§ RECORDS SHOWN
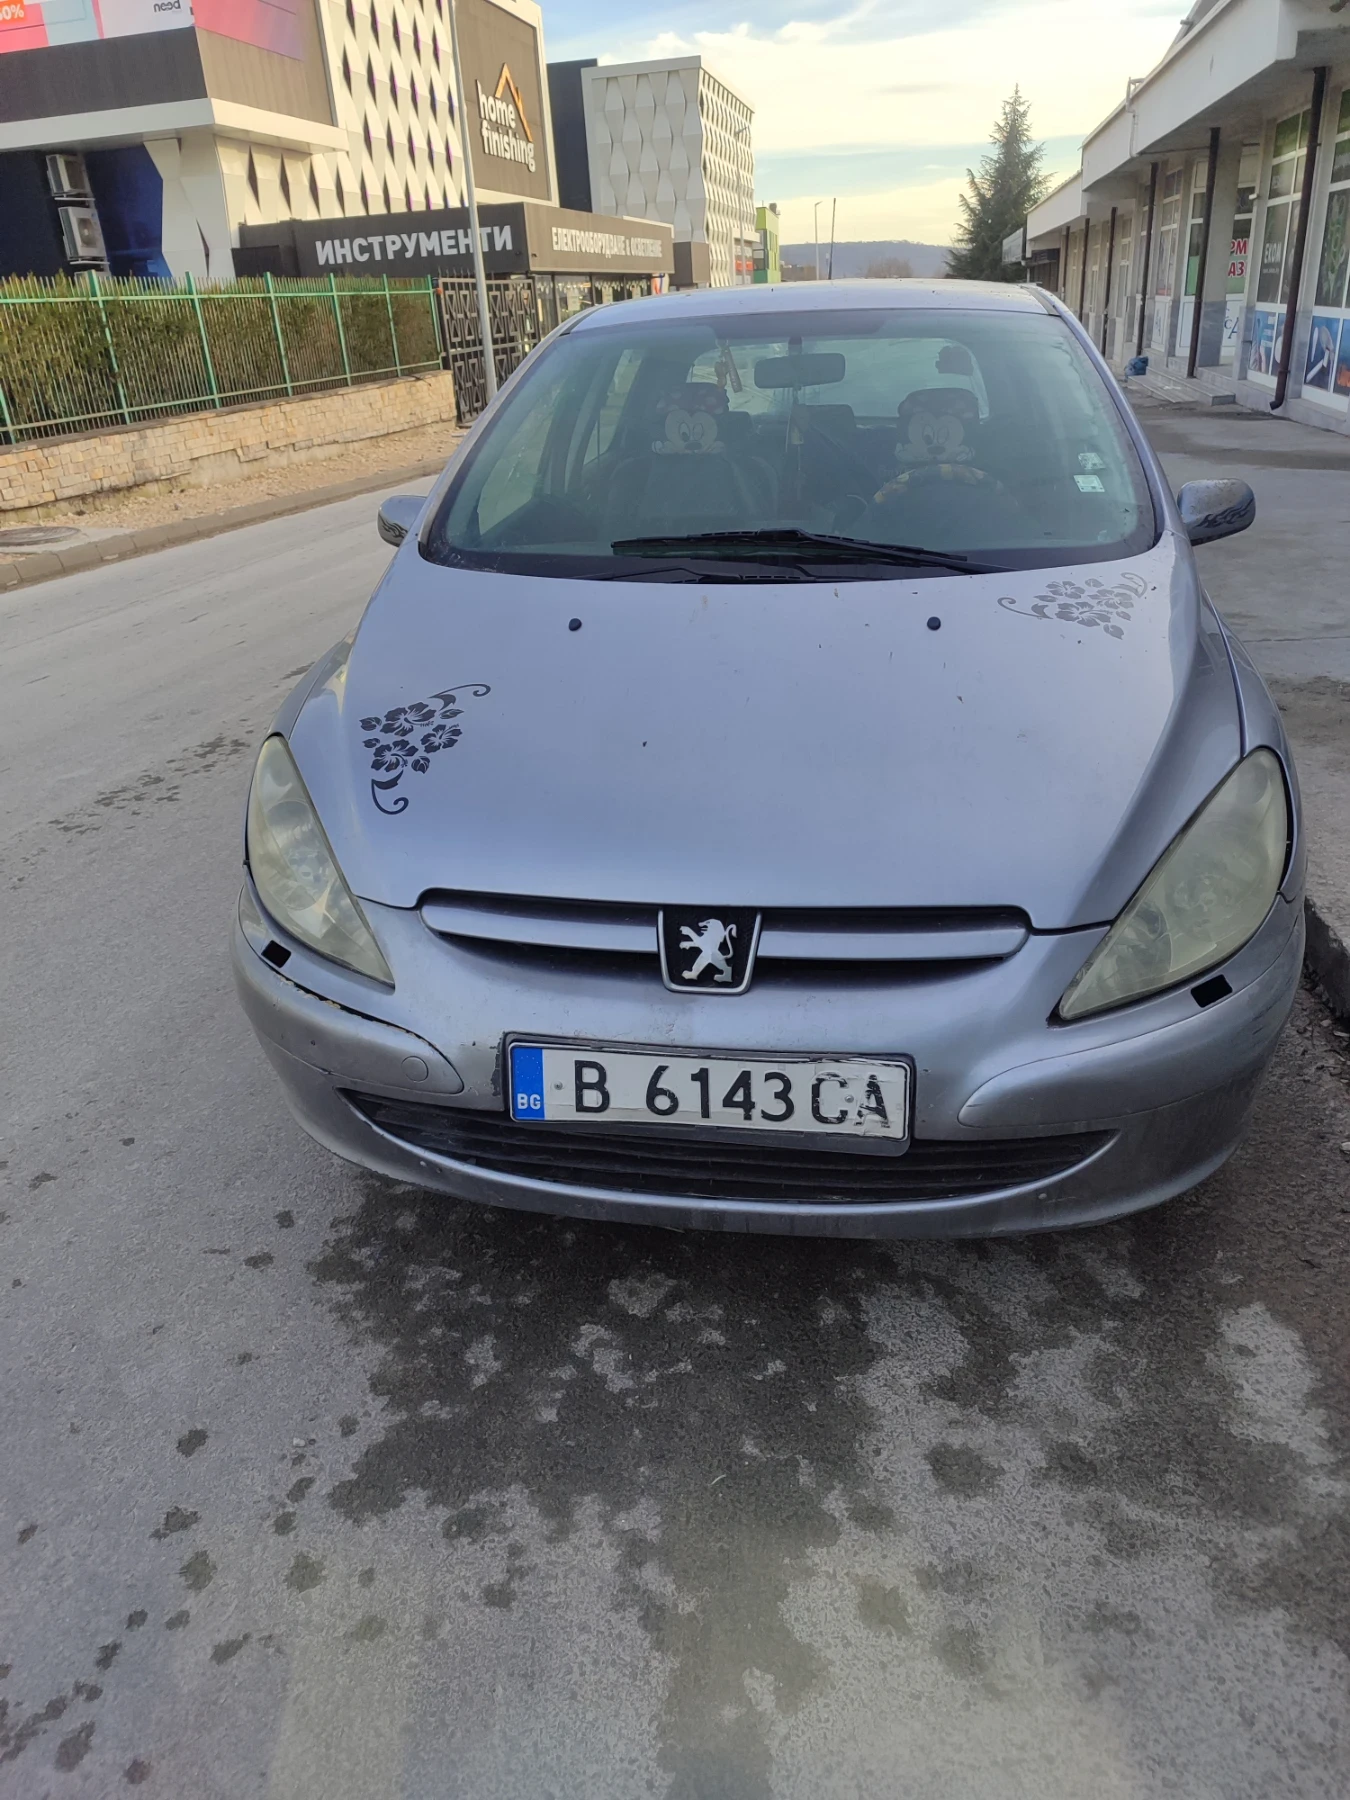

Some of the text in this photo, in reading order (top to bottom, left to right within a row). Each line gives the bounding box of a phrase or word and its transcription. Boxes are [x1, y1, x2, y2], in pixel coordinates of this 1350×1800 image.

[476, 79, 516, 128] home
[481, 120, 536, 172] finishing
[315, 225, 513, 265] ИНСТРУМЕНТИ
[516, 1093, 541, 1111] BG

§ ACTIVITY
No picture belongs in the answer; the rest of the records must be repeated exactly.

§ SOLUTION TO THIS EXERCISE
Some of the text in this photo, in reading order (top to bottom, left to right within a row). Each line gives the bounding box of a phrase or word and its transcription. Boxes are [x1, y1, x2, y2], in pixel coordinates of this 1350×1800 image.

[476, 79, 516, 128] home
[481, 120, 536, 172] finishing
[315, 225, 513, 265] ИНСТРУМЕНТИ
[516, 1093, 541, 1111] BG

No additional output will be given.